*** Opening of EXERCISE MATERIAL ***

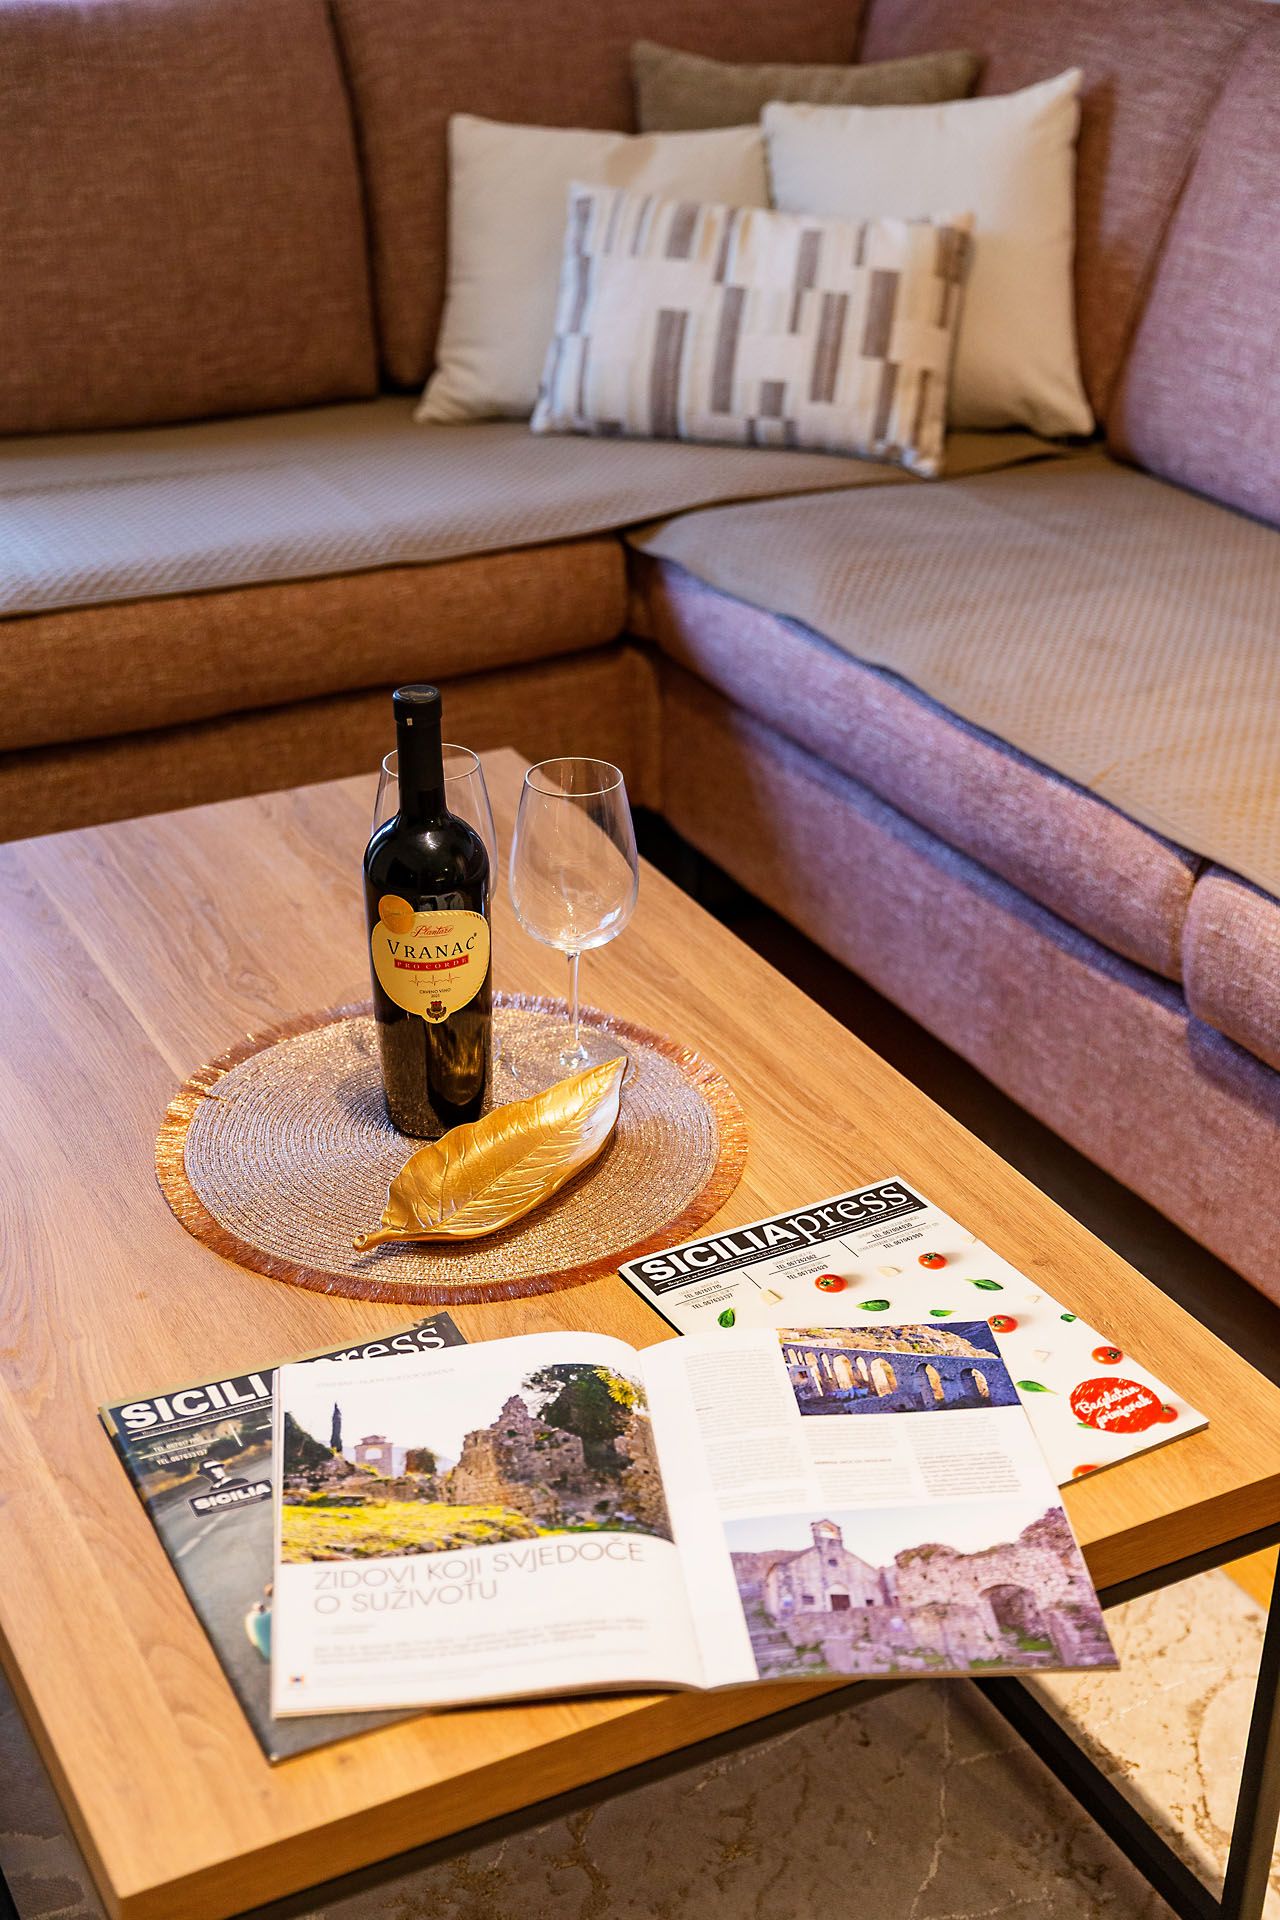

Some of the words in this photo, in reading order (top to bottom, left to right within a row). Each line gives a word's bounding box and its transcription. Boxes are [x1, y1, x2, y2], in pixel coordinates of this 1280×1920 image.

[397, 961, 420, 969] PRO
[425, 958, 467, 970] CORDE
[1075, 1386, 1140, 1414] Besplatan
[194, 1483, 271, 1510] SICILIA
[314, 1565, 416, 1591] ZIDOVI
[427, 1557, 482, 1583] KOJI
[494, 1538, 646, 1573] SVJEDOČE
[314, 1594, 341, 1615] O
[352, 1580, 498, 1613] SUŽIVOTU
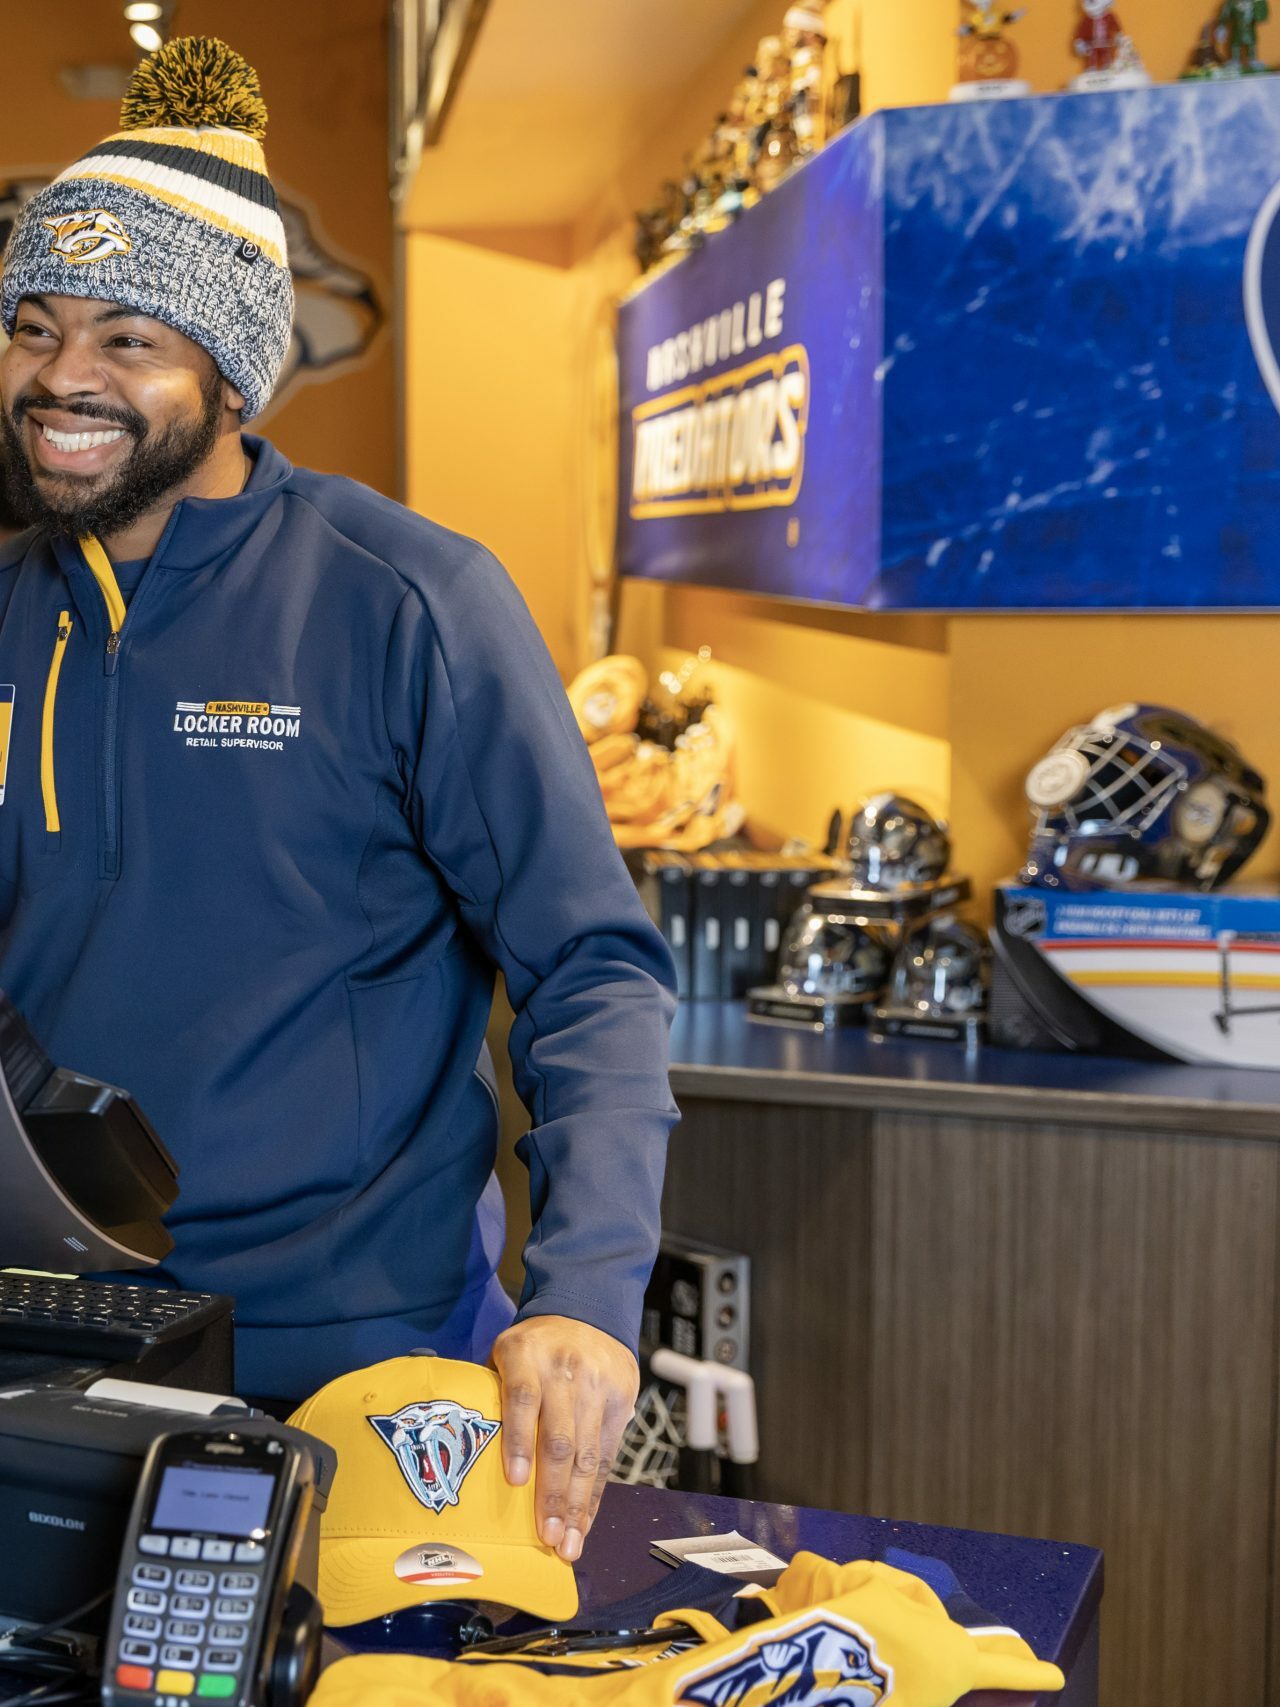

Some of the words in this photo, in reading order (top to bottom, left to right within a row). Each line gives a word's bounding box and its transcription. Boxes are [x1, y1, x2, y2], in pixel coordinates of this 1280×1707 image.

[215, 702, 262, 714] NASHVILLE
[172, 713, 243, 734] LOCKER
[246, 716, 301, 738] ROOM
[184, 737, 219, 748] RETAIL
[219, 737, 285, 751] SUPERVISOR
[28, 1511, 86, 1531] BIXOLON
[427, 1554, 450, 1567] NHL
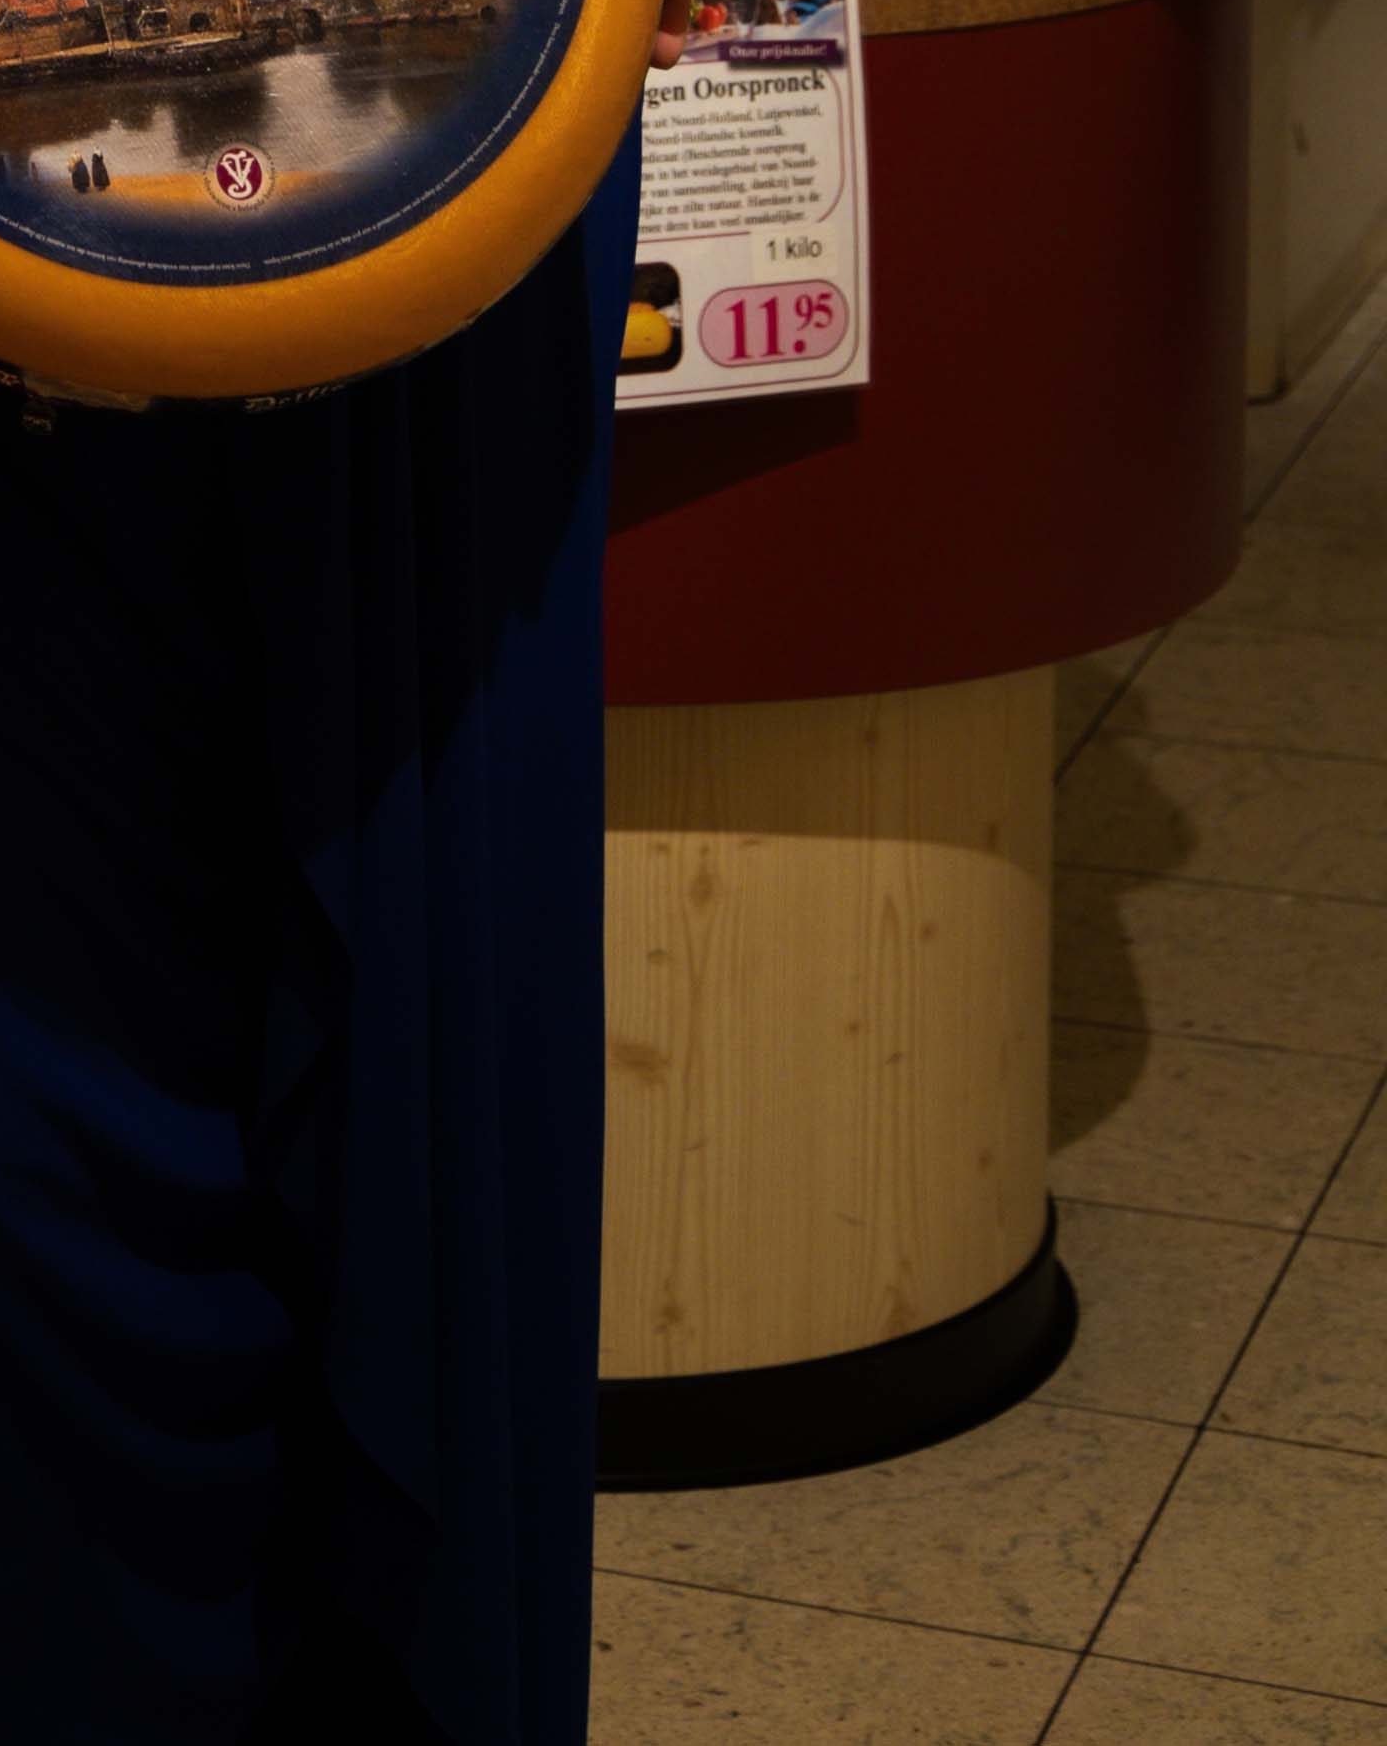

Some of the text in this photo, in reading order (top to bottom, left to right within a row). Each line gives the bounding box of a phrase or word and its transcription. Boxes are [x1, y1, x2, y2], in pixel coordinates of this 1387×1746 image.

[694, 68, 826, 103] Oorspronck
[767, 237, 823, 261] 1 kilo
[725, 290, 835, 363] 11.95

*** Close of EXERCISE MATERIAL ***

Line by line, print the records exactly, leaving the pictures behind.

Some of the words in this photo, in reading order (top to bottom, left to right within a row). Each line gives a word's bounding box and its transcription. Boxes are [x1, y1, x2, y2], in pixel coordinates of this 1280×1920 image.

[397, 961, 420, 969] PRO
[425, 958, 467, 970] CORDE
[1075, 1386, 1140, 1414] Besplatan
[194, 1483, 271, 1510] SICILIA
[314, 1565, 416, 1591] ZIDOVI
[427, 1557, 482, 1583] KOJI
[494, 1538, 646, 1573] SVJEDOČE
[314, 1594, 341, 1615] O
[352, 1580, 498, 1613] SUŽIVOTU

Some of the words in this photo, in reading order (top to bottom, left to right within a row). Each line gives a word's bounding box and its transcription. Boxes are [x1, y1, x2, y2], in pixel coordinates of this 1280×1707 image.

[215, 702, 262, 714] NASHVILLE
[172, 713, 243, 734] LOCKER
[246, 716, 301, 738] ROOM
[184, 737, 219, 748] RETAIL
[219, 737, 285, 751] SUPERVISOR
[28, 1511, 86, 1531] BIXOLON
[427, 1554, 450, 1567] NHL

Some of the text in this photo, in reading order (top to bottom, left to right within a row). Each line gives the bounding box of a phrase or word and its transcription. Boxes are [x1, y1, x2, y2], in pixel coordinates of this 1387×1746 image.

[694, 68, 826, 103] Oorspronck
[767, 237, 823, 261] 1 kilo
[725, 290, 835, 363] 11.95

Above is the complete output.